L’avènement du Parti acadien et de son projet autonomiste

Au moment où, au Québec, l’élite traditionnelle défend les couleurs du fédéralisme, tandis qu’un autre groupe cherche, par une multitude de moyens et d’idées, à obtenir une plus grande autonomie, un groupe de jeunes intellectuels acadiens réfléchit à l’avenir de l’Acadie et s’inspire de ce qui se passe dans la province voisine (Ouellette, L’émergence 358). C’est dans cet esprit que naît, au Collège de Bathurst (donc loin de l’Université de Moncton où les premières grandes manifestations contre l’élite traditionnelle et son idée de « bonne entente » ont eu lieu), le Parti acadien en 1972 (Ouellette, L’émergence 359). Selon les fondateurs du parti politique, les partis traditionnels, c’est-à-dire le Parti libéral et le Parti conservateur, sont au service des anglophones et de l’establishment acadien (Gauvin et Jalbert 13), empêchant ainsi les Acadiens d’obtenir un véritable pouvoir politique étant donné qu’ils sont constamment à la merci des concessions que veulent bien leur accorder les anglophones.

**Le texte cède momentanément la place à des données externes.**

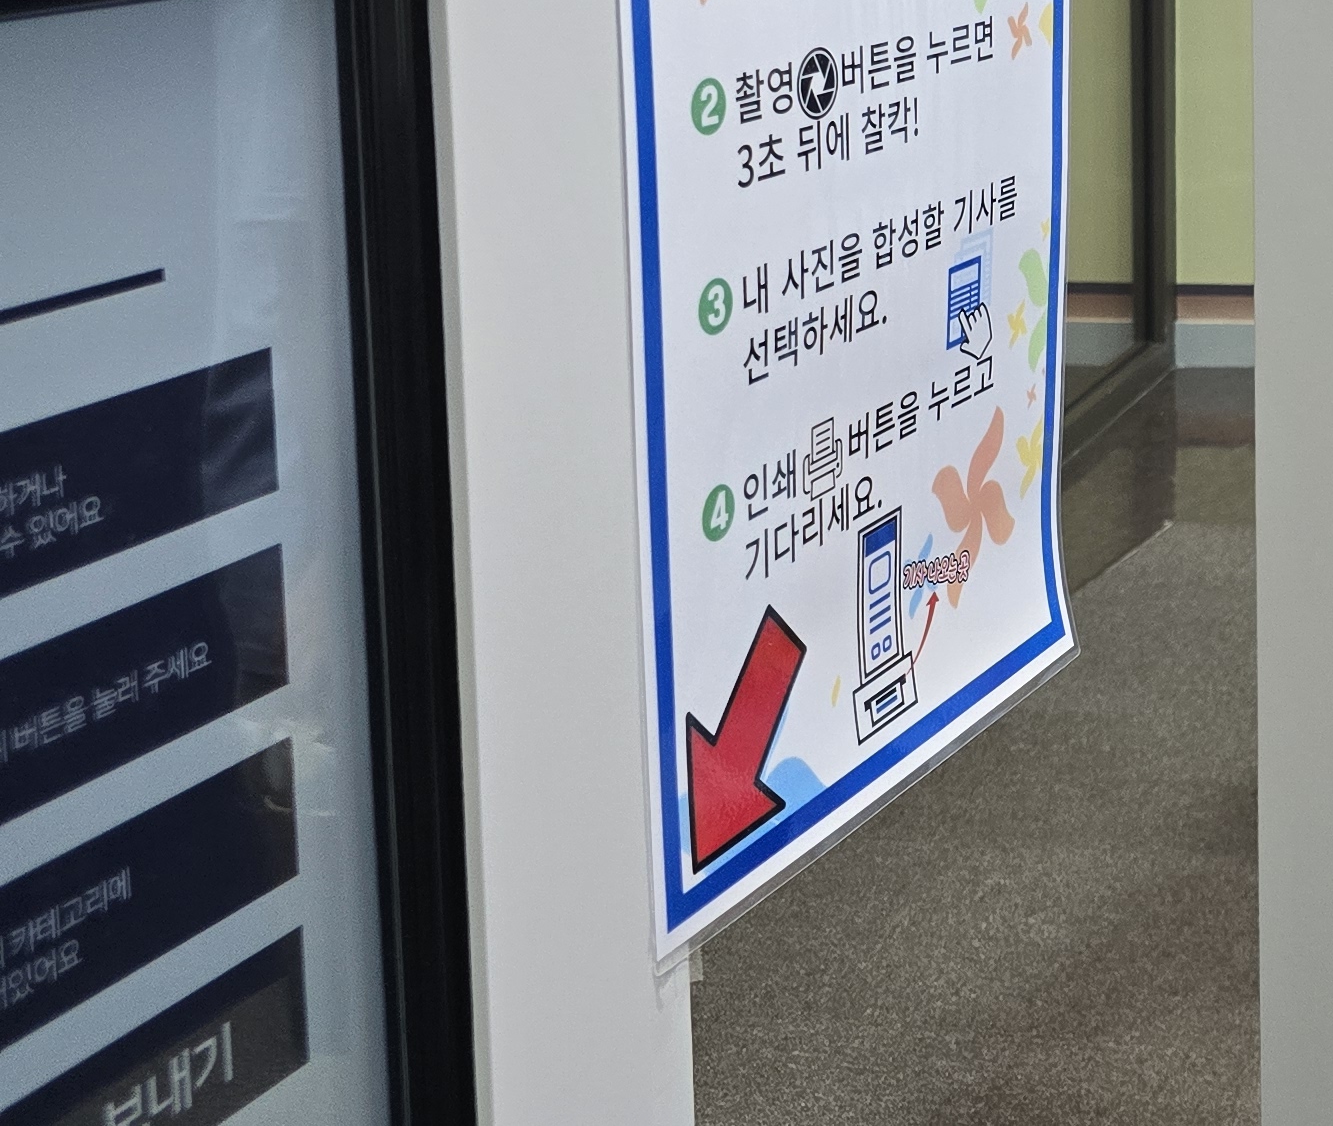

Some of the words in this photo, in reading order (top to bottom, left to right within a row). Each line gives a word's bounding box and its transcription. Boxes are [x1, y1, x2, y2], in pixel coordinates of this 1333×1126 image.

En 1972, le Parti acadien ne se dit pas explicitement nationaliste; plutôt axé sur des préoccupations sociales (Ouellette, L’émergence 366), mais les choses changent progressivement puisqu’au « cours des années 1970 [quand] les intellectuels acadiens précisent le contenu de leur néonationalisme [,] ils dénoncent la politique de la bonne entente prônée par l’élite traditionnelle et parlent de territoire acadien, d’annexion au Québec [et] d’indépendance […] » (Ouellette, L’émergence 365). Quatre grandes raisons poussent le Parti acadien à opter pour un nationalisme autonomiste à la sortie d’un congrès d’orientation en 1977, soit : l’union possible et prochaine des provinces maritimes, la poursuite des revendications typiquement acadiennes, la promotion de la décentralisation gouvernementale au Nouveau-Brunswick (Ouellette, L’émergence 366-367) et la possibilité de voir la province du Québec devenir indépendante du Canada dans un avenir rapproché (Gauvin et Jalbert 15). Au fond, selon les militants du parti, « il y a bien un territoire acadien avec ses habitants et ses ressources, mais ce territoire n’est pas géré par les Acadiens; il ne jouit d’aucune reconnaissance juridique ou constitutionnelle » (Ouellette, L’émergence 367).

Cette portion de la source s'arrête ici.